● Task details
The data below is to be set down exactly.

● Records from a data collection
╔══
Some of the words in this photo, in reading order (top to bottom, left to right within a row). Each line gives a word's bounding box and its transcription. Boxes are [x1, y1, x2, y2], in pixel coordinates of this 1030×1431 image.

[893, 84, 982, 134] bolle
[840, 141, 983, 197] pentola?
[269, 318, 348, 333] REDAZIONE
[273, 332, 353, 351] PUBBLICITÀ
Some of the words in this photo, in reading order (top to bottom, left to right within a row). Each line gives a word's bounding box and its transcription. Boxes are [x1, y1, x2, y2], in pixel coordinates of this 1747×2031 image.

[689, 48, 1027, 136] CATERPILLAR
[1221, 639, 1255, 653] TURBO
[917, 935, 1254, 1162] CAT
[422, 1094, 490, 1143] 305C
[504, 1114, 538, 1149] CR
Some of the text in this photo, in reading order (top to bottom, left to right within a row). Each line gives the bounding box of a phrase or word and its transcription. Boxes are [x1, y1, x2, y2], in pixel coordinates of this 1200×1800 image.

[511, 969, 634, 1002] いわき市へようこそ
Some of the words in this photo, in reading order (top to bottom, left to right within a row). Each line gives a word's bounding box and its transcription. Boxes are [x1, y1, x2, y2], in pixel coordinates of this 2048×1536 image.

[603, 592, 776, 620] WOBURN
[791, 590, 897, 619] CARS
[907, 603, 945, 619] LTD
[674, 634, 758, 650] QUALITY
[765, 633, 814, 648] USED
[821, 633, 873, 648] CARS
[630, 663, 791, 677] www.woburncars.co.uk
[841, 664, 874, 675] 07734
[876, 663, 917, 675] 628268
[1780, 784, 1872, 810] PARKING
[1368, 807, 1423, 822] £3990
╚══
● Output below
Some of the words in this photo, in reading order (top to bottom, left to right within a row). Each line gives a word's bounding box and its transcription. Boxes are [x1, y1, x2, y2], in pixel coordinates of this 1030×1431 image.

[893, 84, 982, 134] bolle
[840, 141, 983, 197] pentola?
[269, 318, 348, 333] REDAZIONE
[273, 332, 353, 351] PUBBLICITÀ
Some of the words in this photo, in reading order (top to bottom, left to right within a row). Each line gives a word's bounding box and its transcription. Boxes are [x1, y1, x2, y2], in pixel coordinates of this 1747×2031 image.

[689, 48, 1027, 136] CATERPILLAR
[1221, 639, 1255, 653] TURBO
[917, 935, 1254, 1162] CAT
[422, 1094, 490, 1143] 305C
[504, 1114, 538, 1149] CR
Some of the text in this photo, in reading order (top to bottom, left to right within a row). Each line gives the bounding box of a phrase or word and its transcription. Boxes are [x1, y1, x2, y2], in pixel coordinates of this 1200×1800 image.

[511, 969, 634, 1002] いわき市へようこそ
Some of the words in this photo, in reading order (top to bottom, left to right within a row). Each line gives a word's bounding box and its transcription. Boxes are [x1, y1, x2, y2], in pixel coordinates of this 2048×1536 image.

[603, 592, 776, 620] WOBURN
[791, 590, 897, 619] CARS
[907, 603, 945, 619] LTD
[674, 634, 758, 650] QUALITY
[765, 633, 814, 648] USED
[821, 633, 873, 648] CARS
[630, 663, 791, 677] www.woburncars.co.uk
[841, 664, 874, 675] 07734
[876, 663, 917, 675] 628268
[1780, 784, 1872, 810] PARKING
[1368, 807, 1423, 822] £3990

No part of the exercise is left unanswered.